RE: [ttml2] embedded content, background image styling, other edits

Hmm…

Re: I don't wish to break the very common understanding that resources and files are 1:1. If you want to divide a file into multiple files that are related to one another, then you need to use something else to link them together.

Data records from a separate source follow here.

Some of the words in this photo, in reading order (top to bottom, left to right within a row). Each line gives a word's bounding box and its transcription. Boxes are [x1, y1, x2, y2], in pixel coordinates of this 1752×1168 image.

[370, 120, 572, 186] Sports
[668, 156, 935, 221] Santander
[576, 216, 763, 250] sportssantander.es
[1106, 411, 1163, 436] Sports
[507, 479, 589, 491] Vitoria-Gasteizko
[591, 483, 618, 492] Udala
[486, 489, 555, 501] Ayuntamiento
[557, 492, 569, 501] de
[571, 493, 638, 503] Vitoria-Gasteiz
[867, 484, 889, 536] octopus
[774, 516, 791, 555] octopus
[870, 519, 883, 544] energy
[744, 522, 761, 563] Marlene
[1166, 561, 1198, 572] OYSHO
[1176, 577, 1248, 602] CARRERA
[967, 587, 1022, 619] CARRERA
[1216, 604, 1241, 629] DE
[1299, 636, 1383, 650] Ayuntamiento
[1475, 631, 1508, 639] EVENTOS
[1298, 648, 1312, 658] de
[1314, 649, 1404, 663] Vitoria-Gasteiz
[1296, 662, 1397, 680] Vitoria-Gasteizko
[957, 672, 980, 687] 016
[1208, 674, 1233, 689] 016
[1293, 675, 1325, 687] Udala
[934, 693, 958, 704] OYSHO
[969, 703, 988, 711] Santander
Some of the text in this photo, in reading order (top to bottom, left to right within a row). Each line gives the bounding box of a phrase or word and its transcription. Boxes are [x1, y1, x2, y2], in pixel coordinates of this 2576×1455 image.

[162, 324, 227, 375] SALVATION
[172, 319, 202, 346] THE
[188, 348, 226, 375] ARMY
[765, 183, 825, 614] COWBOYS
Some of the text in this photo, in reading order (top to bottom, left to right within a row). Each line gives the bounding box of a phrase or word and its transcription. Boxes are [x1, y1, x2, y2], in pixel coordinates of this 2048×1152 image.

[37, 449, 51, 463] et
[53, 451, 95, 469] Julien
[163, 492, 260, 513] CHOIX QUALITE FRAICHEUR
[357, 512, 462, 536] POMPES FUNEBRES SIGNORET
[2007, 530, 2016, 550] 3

I’m not seeking to *split* a file, which is what chunking is intended for (e.g. to facilitate streaming), instead I am seeking to accurately ‘model’ an existing real world multi-file resource… i.e. take multiple files and represent them as a single resource.
Nigel’s example below seems legal, and seems to model the requirement without contravening proposed normative text…

Best regards,
John


John Birch | Strategic Partnerships Manager | Screen
Main Line : +44 1473 831700 | Ext : 2208 | Direct Dial : +44 1473 834532
Mobile : +44 7919 558380 | Fax : +44 1473 830078
John.Birch@screensystems.tv<mailto:John.Birch@screensystems.tv> | www.screensystems.tv<http://www.screensystems.tv> | https://twitter.com/screensystems

Visit us at
BVE, Excel London 24-26 February 2015 Stand No. N19

P Before printing, think about the environment

From: Nigel Megitt [mailto:nigel.megitt@bbc.co.uk]
Sent: 26 November 2014 14:42
To: Glenn Adams; John Birch
Cc: TTWG; Andreas Tai
Subject: Re: [ttml2] embedded content, background image styling, other edits

From: Glenn Adams <glenn@skynav.com<mailto:glenn@skynav.com>> Date: Wednesday, 26 November 2014 14:23


On Wed, Nov 26, 2014 at 4:20 AM, John Birch <John.Birch@screensystems.tv<mailto:John.Birch@screensystems.tv>> wrote:
Hi Glenn,

Apologies for ‘splitting the thread’ but I wanted to comment on two specifics in your earlier email…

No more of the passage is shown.